## [What to do]
Return the entries exactly. Images are not part of the copy.

•••••

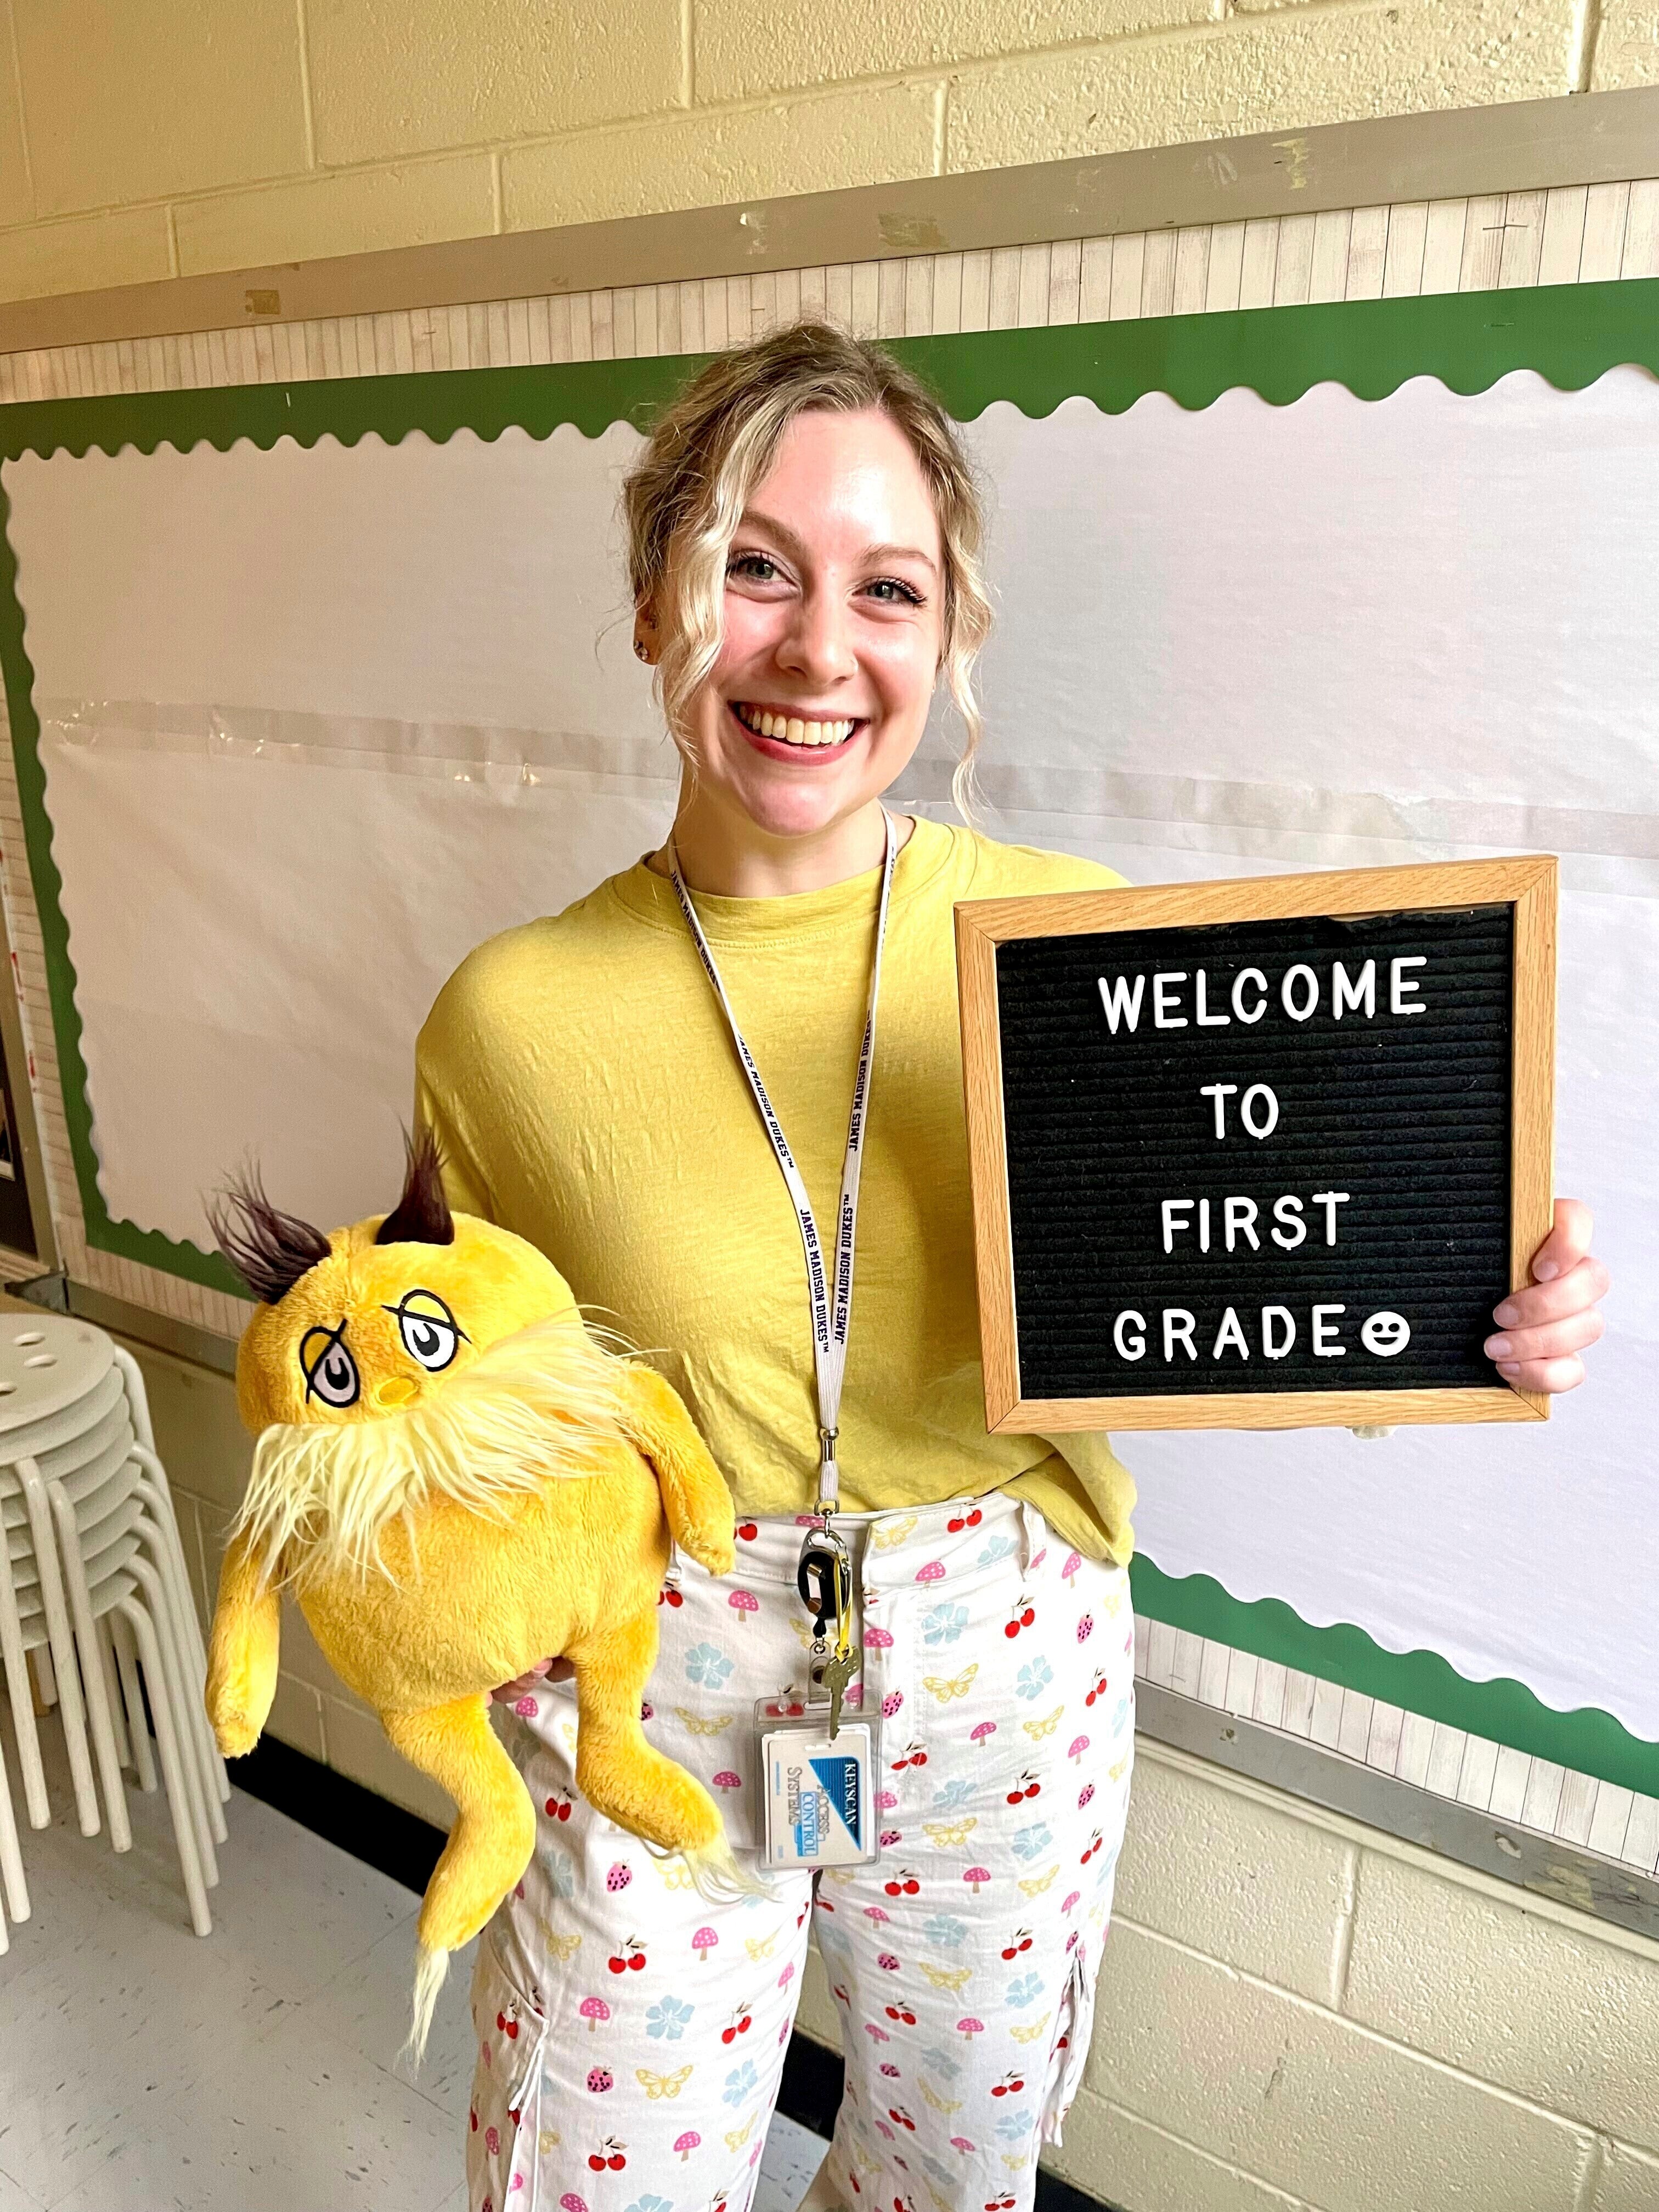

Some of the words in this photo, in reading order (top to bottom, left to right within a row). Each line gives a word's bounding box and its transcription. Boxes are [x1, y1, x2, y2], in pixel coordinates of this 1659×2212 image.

[1098, 956, 1427, 1034] WELCOME
[751, 1070, 774, 1118] MADISON
[854, 1059, 867, 1110] MADISON
[1200, 1084, 1279, 1139] TO
[849, 1113, 861, 1152] JAMES
[1161, 1191, 1350, 1253] FIRST
[800, 1209, 817, 1248] JAMES
[810, 1250, 825, 1302] MADISON
[838, 1251, 850, 1304] MADISON
[835, 1307, 847, 1344] JAMES
[1113, 1304, 1346, 1362] GRADE
[787, 1767, 803, 1826] SYSTEMS
[817, 1784, 830, 1834] ACCESS
[845, 1763, 857, 1825] KEYSCAN
[802, 1794, 815, 1855] CONTROL

•••••

## [Response to this task]
Some of the words in this photo, in reading order (top to bottom, left to right within a row). Each line gives a word's bounding box and its transcription. Boxes are [x1, y1, x2, y2], in pixel coordinates of this 1659×2212 image.

[1098, 956, 1427, 1034] WELCOME
[751, 1070, 774, 1118] MADISON
[854, 1059, 867, 1110] MADISON
[1200, 1084, 1279, 1139] TO
[849, 1113, 861, 1152] JAMES
[1161, 1191, 1350, 1253] FIRST
[800, 1209, 817, 1248] JAMES
[810, 1250, 825, 1302] MADISON
[838, 1251, 850, 1304] MADISON
[835, 1307, 847, 1344] JAMES
[1113, 1304, 1346, 1362] GRADE
[787, 1767, 803, 1826] SYSTEMS
[817, 1784, 830, 1834] ACCESS
[845, 1763, 857, 1825] KEYSCAN
[802, 1794, 815, 1855] CONTROL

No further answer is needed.